When not called for a specific crisis, the SWAT team's daily duties include executing drug search warrants or participating in searches for high-priority suspects, Chief Navarre said.

But Chief Navarre said police training and the philosophy surrounding school shootings has changed throughout the nation since the tragedy at Columbine High School outside Denver nearly a decade ago. Police there waited for the SWAT team to arrive before going into the school while two students killed 12 fellow students and then themselves - a decision that was highly criticized.

As recently as last year, Toledo police officers responding to a school shooting also likely would have waited to go inside until SWAT officers arrived.

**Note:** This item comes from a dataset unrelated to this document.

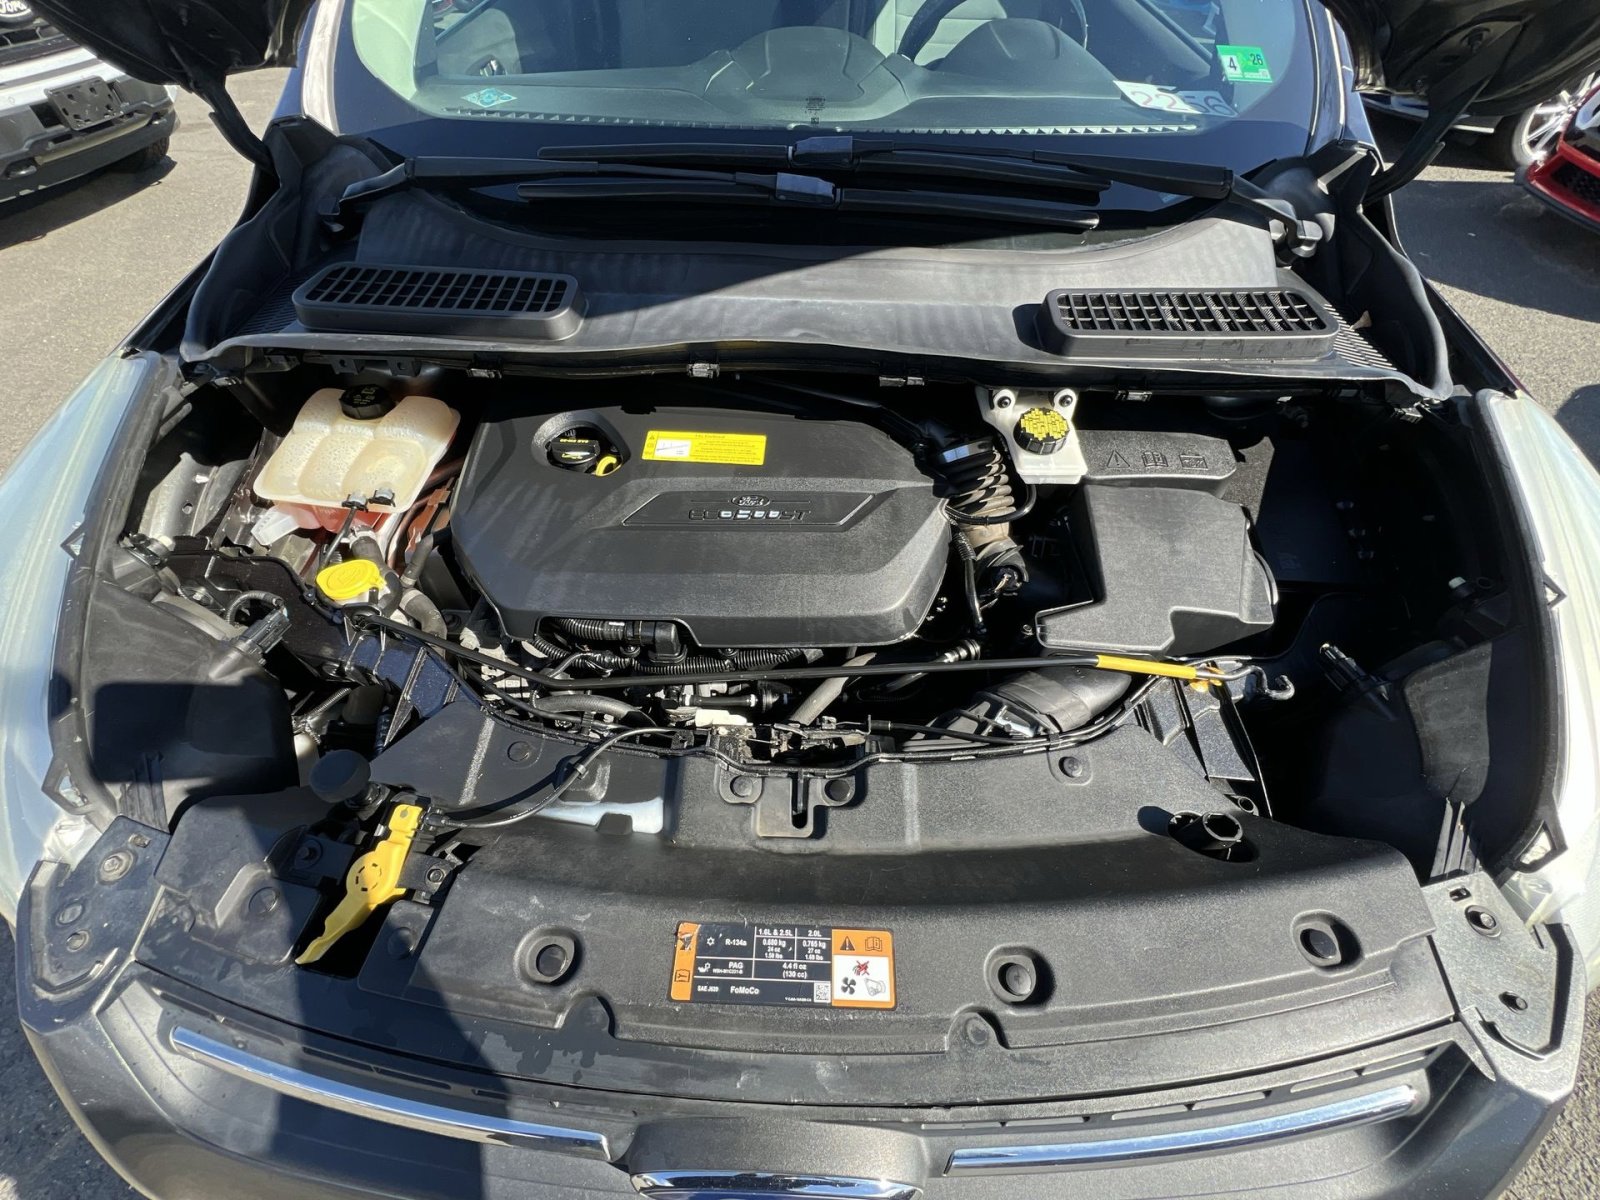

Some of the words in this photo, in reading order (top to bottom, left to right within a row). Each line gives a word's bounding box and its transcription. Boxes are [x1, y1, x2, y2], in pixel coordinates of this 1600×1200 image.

They are now trained to go inside the building and quickly apprehend a gunman in an effort to reduce the number of casualties, Chief Navarre said.

All 669 of the Toledo police department's uniformed officers received eight hours of Quick Action Deployment training earlier this year, a strategy developed by the North America SWAT Training Association to respond to shooters and terrorists.

The first three to four officers on the scene - whether patrol officers or detectives - group together, each with an assigned position, and enter the building to find the gunman, Deputy Chief Derrick Diggs said.

SWAT officers also would be called. "The whole idea is that when the call goes out that there is an active shooter in a school. We don't wait around for SWAT," Chief Diggs said. "We can't afford to wait."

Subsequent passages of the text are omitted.